Mourning My Former Self

In the end, everything will be okay. If it’s not okay, it’s not yet the end. Fernando Sabino

June 17,2017 The day my disease started.

The picture above was the day my whole world would change. I came home from work and told Matt I thought I was having a heart attack. We went to the ED and well, the rest is history.

I look at pictures of my former self and get very down. I see the smile I use to have and how no matter what was going on I'd find a joke in it or someway to turn frowns into smile. Now, I see swollen eyes, chapped lips, thin hair, and my body, well it's to the point I hate to even look at it.

I'm not the woman I use to be. I'm sad, I'm depressed, and so lonely. I have my husband and kids and they make a world of difference when they are here. But the honest truth is I only see them part time. Between Matt's job and the boys custody schedule I am alone more than not. I use to be so outgoing, talking and making friends with anyone and everyone. Now, I'm a more of a recluse than anything

I stay up all hours, either watching TV, or working on the computer. During the day it's pretty much the same thing. Sometimes I just sit and sob uncontrollably, my hands and face soaked with tears. The times Matt is home we talk a lot. He talks me through reasoning and helps me see things in a different perspective. It works for awhile, but when I'm alone all the demons come back and attack with vengeance. In the dark at 2am my brain rapid-fires all the stress and fear sitting inside of it and diminishes any amount of positivity and optimism I enjoy during daylight.
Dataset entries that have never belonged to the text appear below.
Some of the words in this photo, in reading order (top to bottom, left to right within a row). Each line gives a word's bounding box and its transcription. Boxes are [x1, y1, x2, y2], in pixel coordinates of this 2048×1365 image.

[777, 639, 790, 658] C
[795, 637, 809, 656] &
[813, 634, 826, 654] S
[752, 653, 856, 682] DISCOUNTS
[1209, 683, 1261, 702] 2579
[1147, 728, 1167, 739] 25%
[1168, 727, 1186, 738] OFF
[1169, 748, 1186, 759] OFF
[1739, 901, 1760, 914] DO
I look at pictures from before this disease took over my life and I miss that woman I use to be. We'd have bbqs all the time, always had people over. My blinds use to be open to let the sun in, now it hurts my eyes too much and I sit with dim lamps on. I use to have dinner ready when Matt got home, now he finds me laying on the couch loaded with pain medication. I use to go out with the boys on the weekend, shopping, and lunches. Now nothing.
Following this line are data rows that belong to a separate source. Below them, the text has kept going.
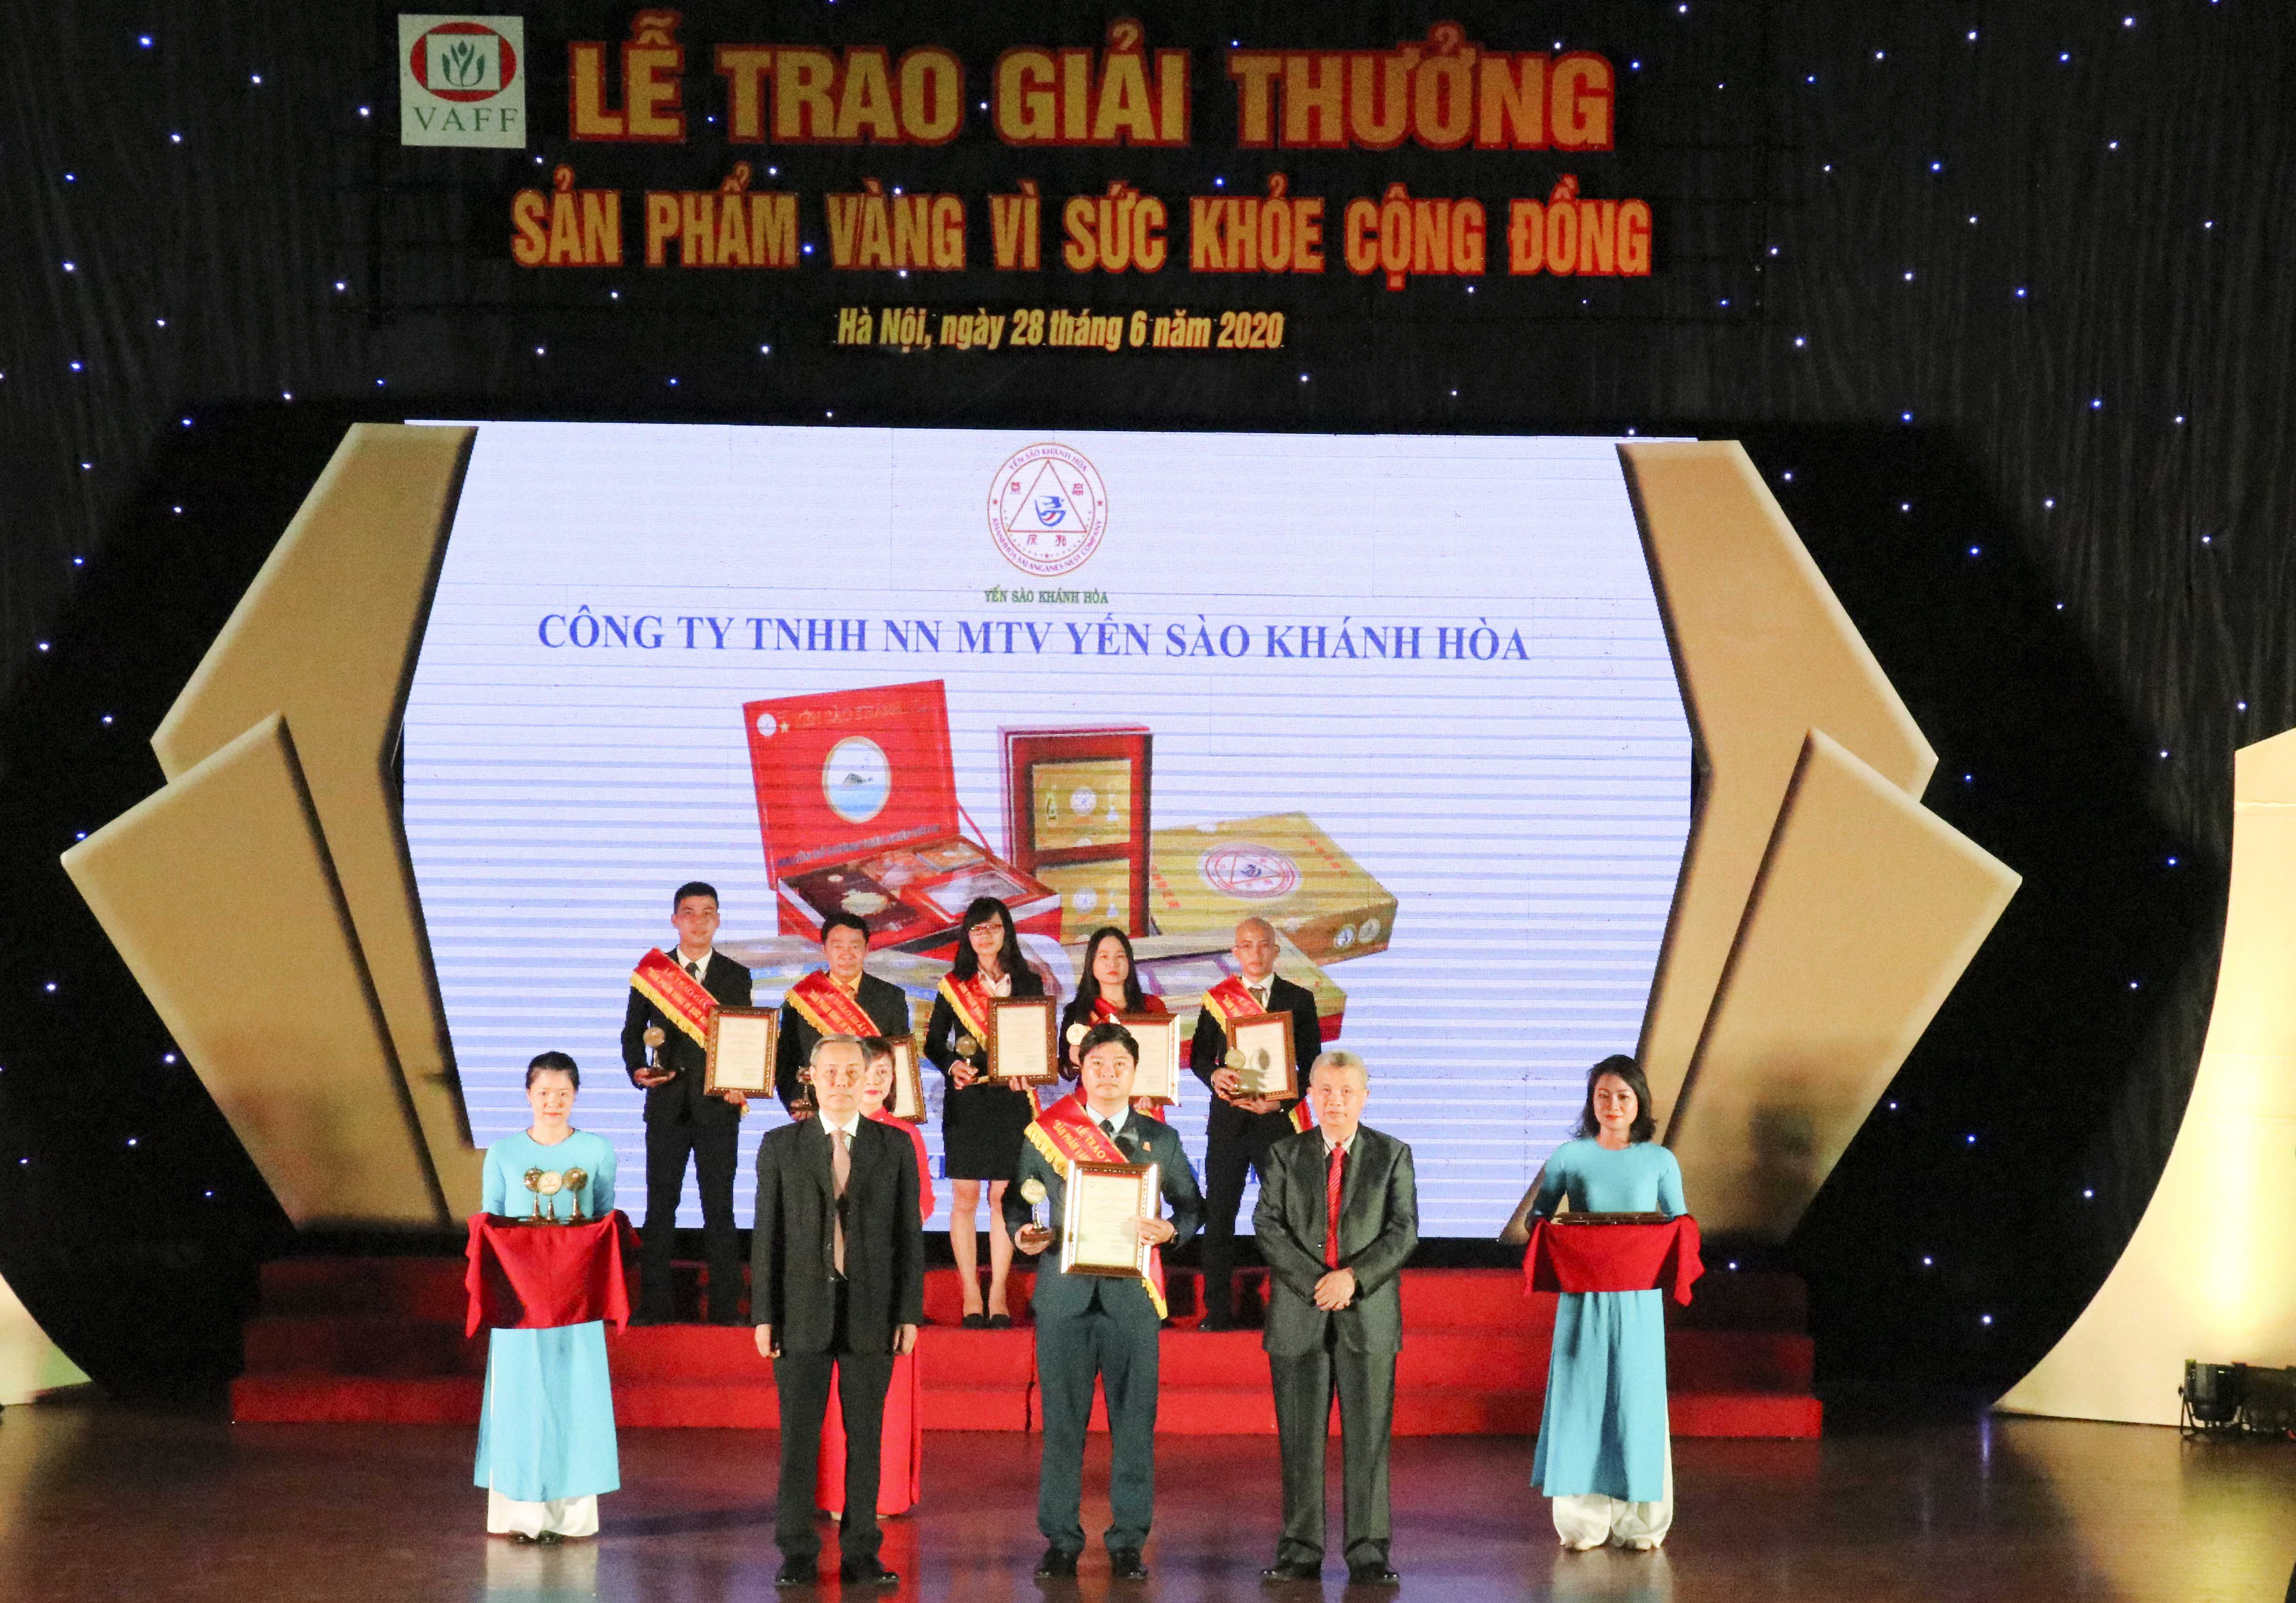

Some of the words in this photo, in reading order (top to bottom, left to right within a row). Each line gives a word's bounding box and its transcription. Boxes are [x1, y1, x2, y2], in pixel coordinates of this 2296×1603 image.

[569, 9, 685, 142] LỄ
[715, 43, 964, 145] TRAO
[992, 16, 1191, 147] GIẢI
[1226, 20, 1614, 151] THƯỞNG
[412, 105, 520, 132] VAFF
[511, 165, 621, 267] SẢN
[645, 162, 799, 268] PHẨM
[825, 177, 966, 270] VÀNG
[989, 179, 1039, 271] VÌ
[1062, 181, 1168, 273] SỨC
[1189, 172, 1325, 273] KHỎE
[1344, 182, 1486, 290] CỘNG
[1507, 174, 1652, 276] ĐỒNG
[839, 307, 871, 345] Hà
[880, 309, 933, 353] Nội,
[940, 308, 1005, 350] ngày
[1010, 309, 1044, 346] 28
[1049, 309, 1123, 352] tháng
[1129, 310, 1146, 348] 6
[1153, 310, 1211, 349] năm
[1217, 311, 1284, 349] 2020
[984, 585, 1008, 602] YẾN
[1011, 587, 1034, 603] SÀO
[1038, 587, 1079, 603] KHÁNH
[1084, 588, 1109, 604] HÒA
[539, 605, 665, 649] CÔNG
[677, 616, 735, 650] TY
[747, 618, 870, 651] TNHH
[884, 620, 942, 653] NN
[956, 621, 1053, 654] MTV
[1066, 612, 1151, 656] YẾN
[1165, 614, 1251, 658] SÀO
[1265, 616, 1423, 659] KHÁNH
[1437, 618, 1530, 660] HÒA
[1085, 1136, 1106, 1159] TRAO
There have been more days than not this past year when the pain and discomfort was so bad, I can't even remember what it was like to be well. It’s still hard to recall the times I lived without fear of a flare-up about shopping, attending parties or making plans with friends. These fears are all-consuming now. I question myself before I leave the house, do I have all the medications, nausea, pain, nerve, anxiety, enzymes. Then water, snack, pillow, or blanket sometimes.

I have been given the best option for my disease, to just remove the whole thing. Even with this,I am still left without hope most the time. But, even more than the fear, doubt and worry, and stress, I find what tortures me the most is the fading memory I have of who I use to be.

I remember I was up for anything, we were in the process of planning our next cruise. Matt and I had just gotten back from the Bahamas. I went snorkeling, walked around Nassau, laid on the beach with the sand on my feet and sun on my face.

May 2017 Nassau, Bahamas

I know the outgoing person I once was is still inside me, but she’s a bit harder to locate most days. Lucky for me and anyone else who lives with chronic illness, depression, and anxiety, night turns into day and that makes it a bit easier to navigate through my self destructive mind. It gets very hard, and some days I don’t bother with the positive, but most days I know I just have to.

Once I couldn't work anymore I felt so disappointed and embarrassed I was contributing to society. I want to go to bed and wake up feeling like I have a purpose. When my thoughts switched from graduating college, traveling, and finding my purpose in life, to just praying I wont have pain I realize I wish I had more time to prepare myself and my family. It's come to the point when asked about how I'm feeling I say fine, because everything else just sounds like a broken record.

Several times while writing this I have broken down. I know I'll never be the same, I'll never look the same, and saying goodbye to that hurts more than anyone can imagine. I'm incredibly grateful for the experiences my body has given me. It's my hope in the next couple months I'll be welcoming my new self, and I'll experience more than I could possibly think about. I'm going to be okay, it's just going to take time.

Thank you all for your support and love.